FTA: call for logistics worker exemption
24 February 2020
The Freight Transport Association has called for logistics workers to be excluded from the government’s post-Brexit immigration policy.
Sally Gilson, head of skills policy at FTA, comments: “FTA needs the Prime Minister, Boris Johnson, to reconsider his post-Brexit immigration policy immediately; the UK economy simply cannot operate without the logistics workforce. The sector is already facing a severe labour shortage – 64% of transport and storage businesses are now struggling to fill vacancies – and with EU workers currently constituting 13% of the entire logistics workforce, it is obvious how detrimental this policy will be on the very businesses charged with keeping the UK trading. If the government insists on withdrawing access to EU workers, it will have to adapt and adjust its allowances for training; the burden should not solely lie on UK businesses.
“FTA is also appalled that the government has deemed HGV driving – along with many other logistics occupations – to be ‘low skilled’ activities; these are, in fact, very challenging roles. Vocational occupations make a significant contribution to the UK economy; FTA is urging the government to realise it is not just academically trained workers that hold value.”
The British Contract Manufacturers and Packers Association (BCMPA) is to conduct a survey of its members following concerns over the UK Government’s post-Brexit immigration plans.
Several BCMPA members have raised concerns that the proposed points-based entry system for foreign workers will have a huge knock-on effect in terms of UK productivity. The impact could be particularly acute for seasonal campaigns, such as Christmas gift packing which relies heavily on extra labour from June to November.
Many members have relied heavily upon Eastern European workers for years, but claim the benefits are less about cheap labour and more about the work ethic and high productivity levels of the foreign staff they employ.
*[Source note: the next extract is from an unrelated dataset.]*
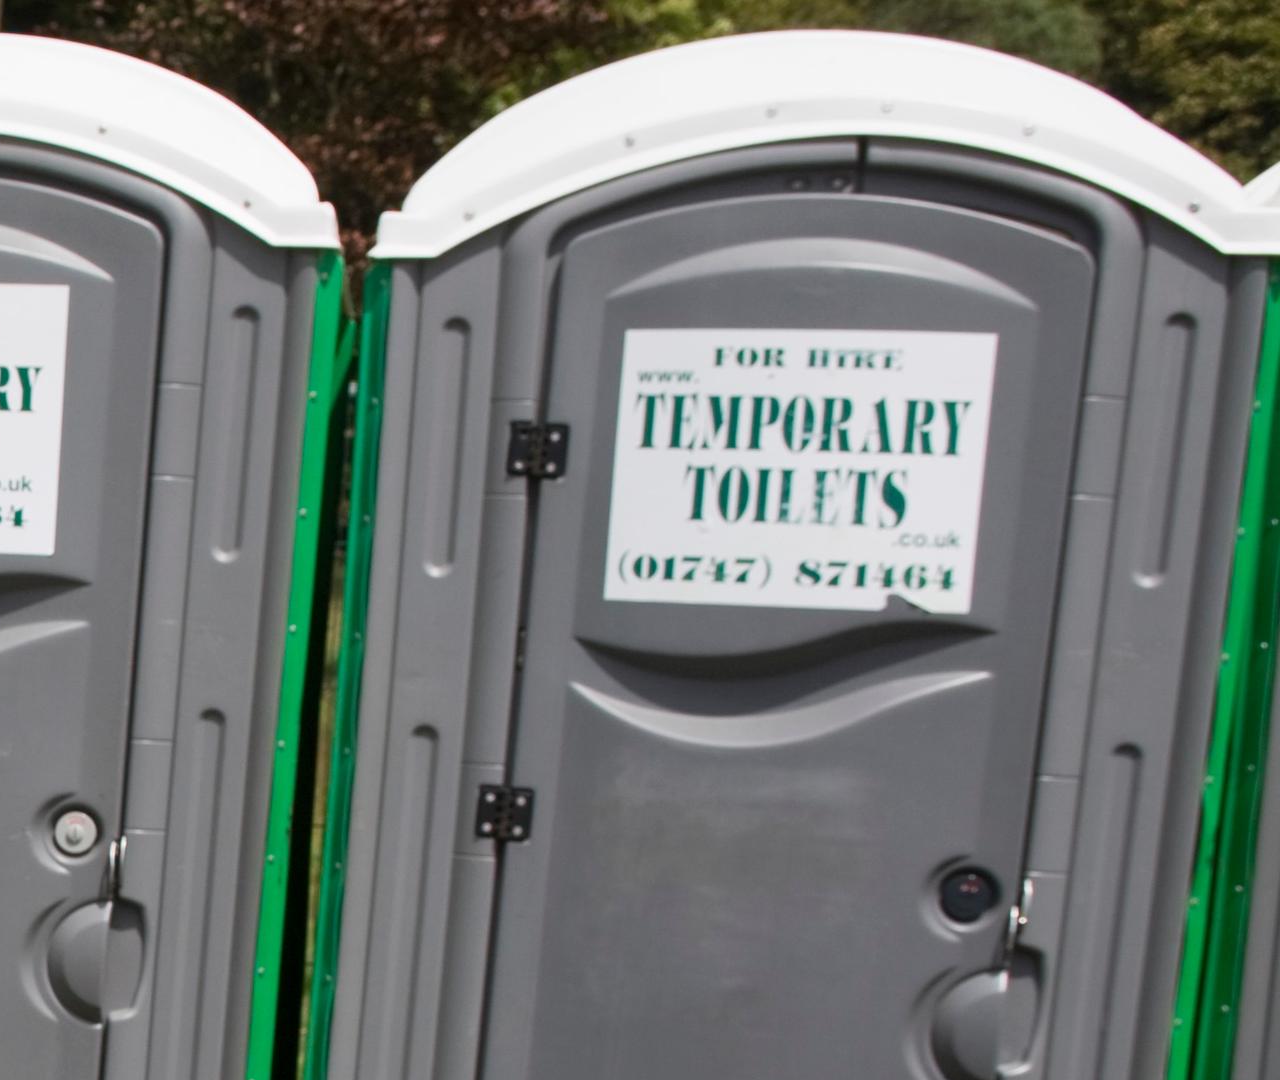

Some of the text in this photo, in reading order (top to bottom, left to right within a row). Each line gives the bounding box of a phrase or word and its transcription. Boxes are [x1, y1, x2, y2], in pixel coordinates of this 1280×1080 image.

The BCMPA, which represents companies operating in contract manufacturing, packing, fulfilment and logistics sectors, is now planning to seek the combined views of its 160-plus members with a view to lobbying Parliament in response to the newly announced policy.
Rodney Steel, chief executive of the BCMPA, said: “The Government’s recent announcement has caused major concerns among the BCMPA membership. If the proposed legislation is implemented, many feel it will have a hugely detrimental impact on their businesses.
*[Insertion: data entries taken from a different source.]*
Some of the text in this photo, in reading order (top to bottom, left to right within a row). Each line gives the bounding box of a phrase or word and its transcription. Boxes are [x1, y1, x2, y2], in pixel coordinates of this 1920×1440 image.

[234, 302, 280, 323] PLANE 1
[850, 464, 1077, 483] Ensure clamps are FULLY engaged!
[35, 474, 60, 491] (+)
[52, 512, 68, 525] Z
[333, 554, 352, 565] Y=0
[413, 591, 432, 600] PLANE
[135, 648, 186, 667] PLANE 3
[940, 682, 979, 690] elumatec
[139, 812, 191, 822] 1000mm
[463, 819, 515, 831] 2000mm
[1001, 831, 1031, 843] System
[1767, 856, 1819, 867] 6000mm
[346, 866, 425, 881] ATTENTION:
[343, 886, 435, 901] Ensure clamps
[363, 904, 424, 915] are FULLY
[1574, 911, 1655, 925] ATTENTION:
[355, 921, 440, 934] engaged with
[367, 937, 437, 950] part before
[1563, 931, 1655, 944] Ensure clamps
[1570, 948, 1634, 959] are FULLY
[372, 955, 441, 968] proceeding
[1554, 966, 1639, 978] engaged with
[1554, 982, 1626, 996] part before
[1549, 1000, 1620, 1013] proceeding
“As a result, we now intend to conduct a survey of members in order to obtain real evidence and hard data that can be submitted to the Government.”
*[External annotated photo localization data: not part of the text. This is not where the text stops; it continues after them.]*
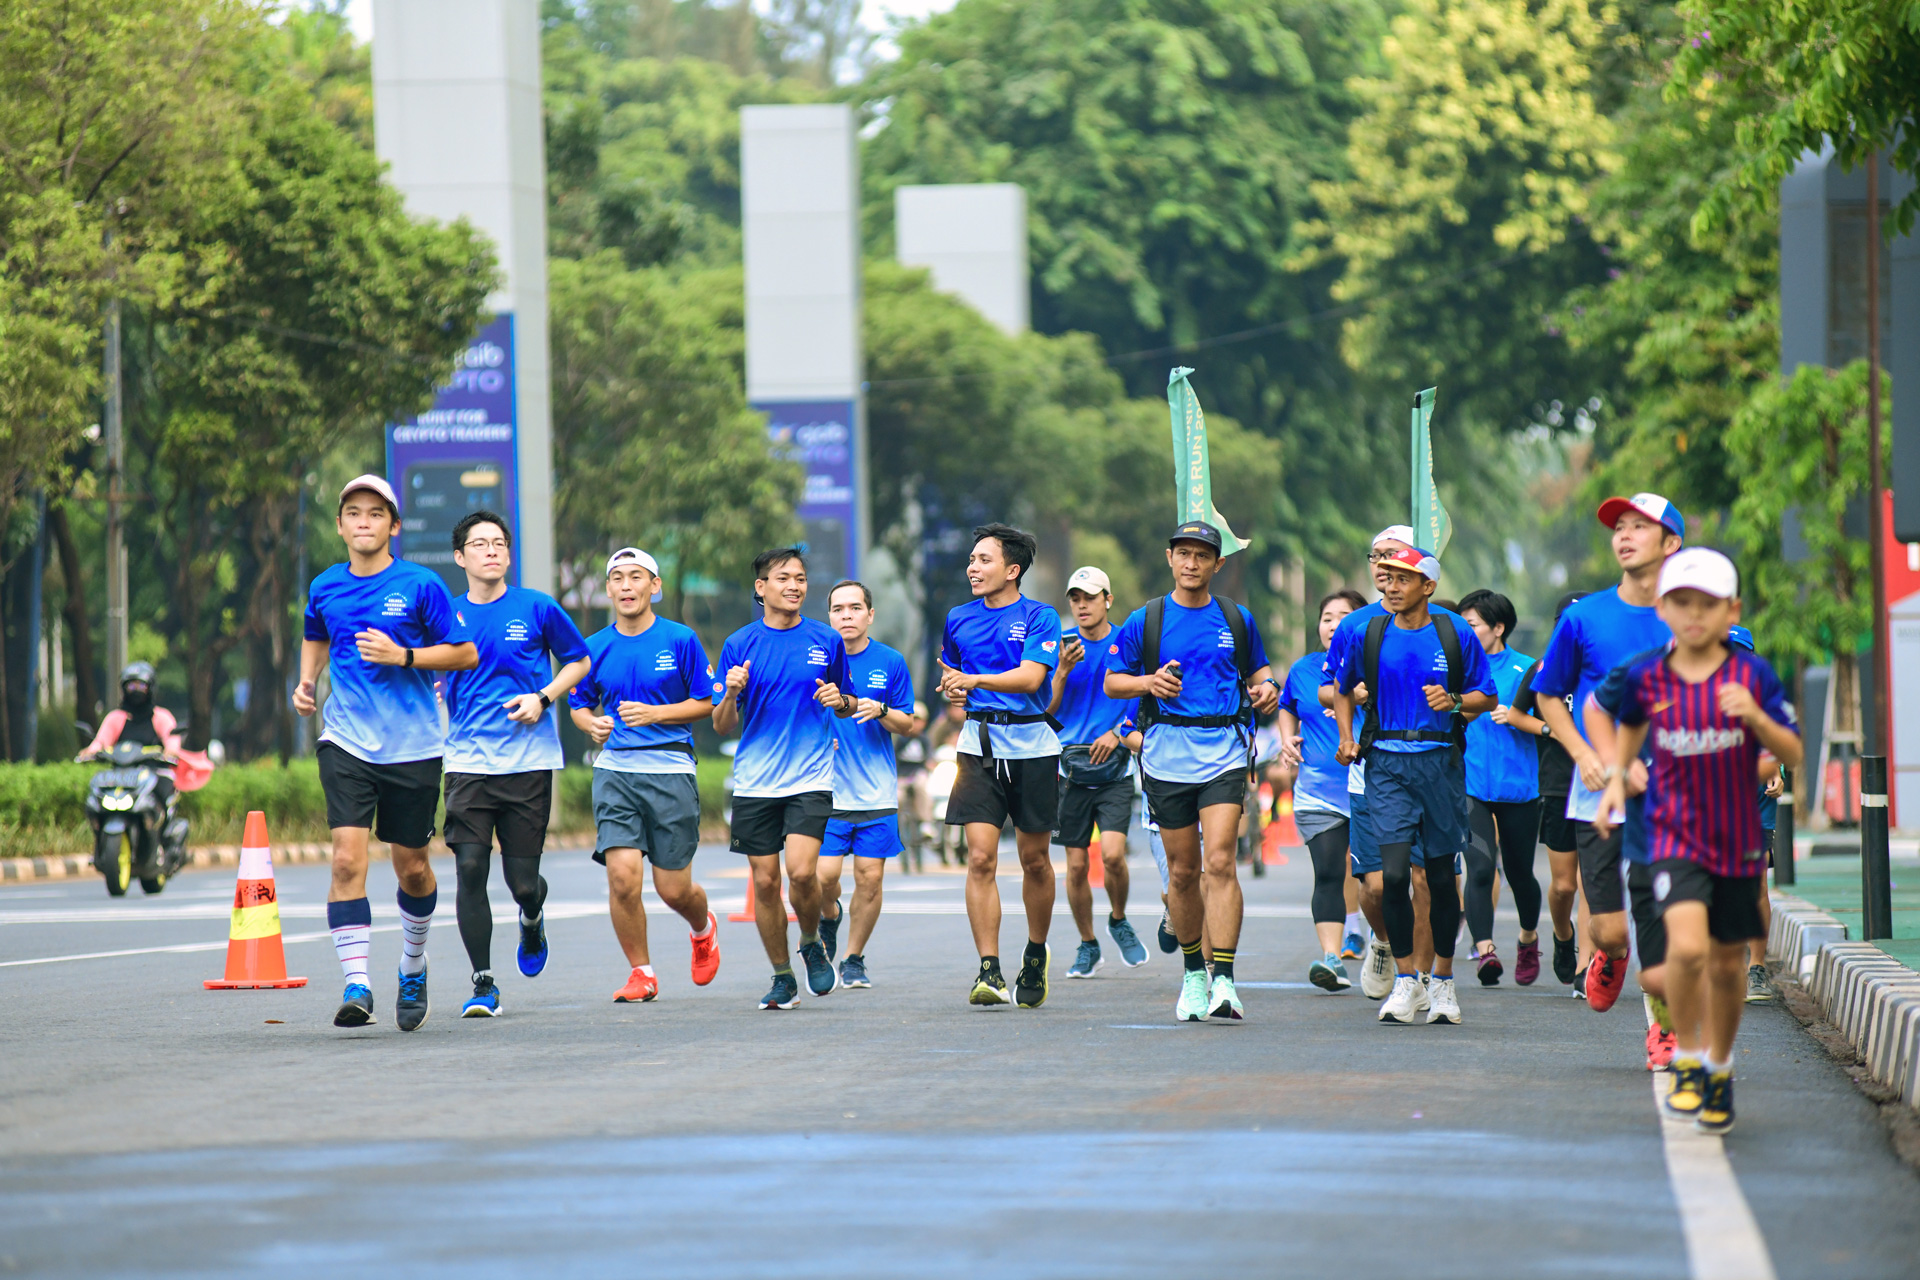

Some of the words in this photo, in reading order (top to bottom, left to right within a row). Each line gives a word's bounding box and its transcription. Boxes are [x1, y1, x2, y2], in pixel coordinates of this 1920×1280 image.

[393, 425, 450, 443] CRYPTO
[450, 423, 512, 442] TRADERS
[1191, 435, 1204, 479] RUN
[1192, 483, 1204, 497] &
[1657, 725, 1745, 753] Rakuten
Mr Steel said that the issue had nevertheless raised the important issue of robotics and automation within the BCMPA’s representative industry sectors, and so could provide a useful catalyst for members to review their operational systems.
“We intend to voice our members’ concerns at the highest level, and we will be monitoring the progress of this legislation very closely,” he said. “But, meanwhile, we also want to encourage members to continually seek opportunities for improving their processes – including through a greater use of automation where appropriate.”